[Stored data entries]
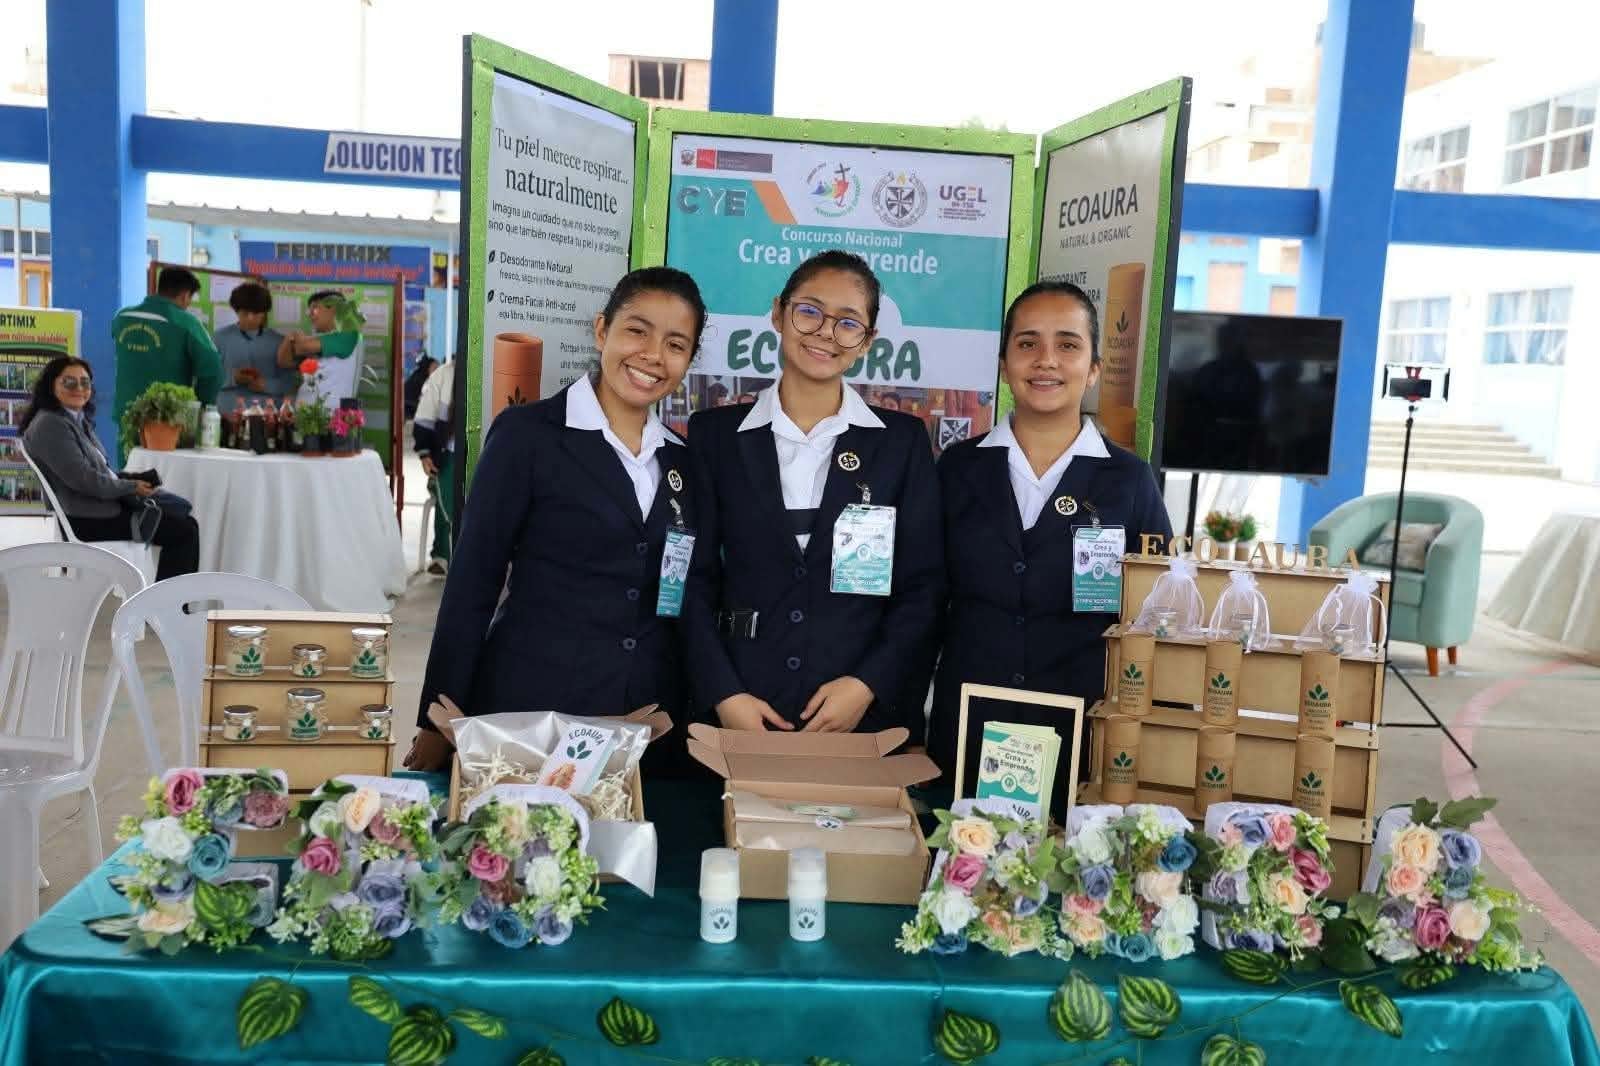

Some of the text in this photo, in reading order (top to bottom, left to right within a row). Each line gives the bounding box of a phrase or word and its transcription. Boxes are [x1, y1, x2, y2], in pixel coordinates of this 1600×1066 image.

[496, 128, 512, 151] Tu
[516, 136, 540, 159] piel
[543, 147, 581, 171] merece
[505, 168, 618, 215] naturalmente
[678, 185, 748, 217] CYE
[522, 209, 532, 220] un
[1059, 184, 1139, 229] ECOAURA
[489, 220, 504, 232] sino
[1060, 225, 1133, 249] NATURAL & ORGANIC
[781, 227, 903, 248] Concurso Nacional
[739, 239, 792, 265] Crea
[547, 261, 573, 274] Natural
[499, 292, 524, 306] Crema
[567, 727, 606, 746] ECOAURA

▶ YOUR TASK
Restate every record above word for word, without images.

▶ WRITTEN RESPONSE
Some of the text in this photo, in reading order (top to bottom, left to right within a row). Each line gives the bounding box of a phrase or word and its transcription. Boxes are [x1, y1, x2, y2], in pixel coordinates of this 1600×1066 image.

[496, 128, 512, 151] Tu
[516, 136, 540, 159] piel
[543, 147, 581, 171] merece
[505, 168, 618, 215] naturalmente
[678, 185, 748, 217] CYE
[522, 209, 532, 220] un
[1059, 184, 1139, 229] ECOAURA
[489, 220, 504, 232] sino
[1060, 225, 1133, 249] NATURAL & ORGANIC
[781, 227, 903, 248] Concurso Nacional
[739, 239, 792, 265] Crea
[547, 261, 573, 274] Natural
[499, 292, 524, 306] Crema
[567, 727, 606, 746] ECOAURA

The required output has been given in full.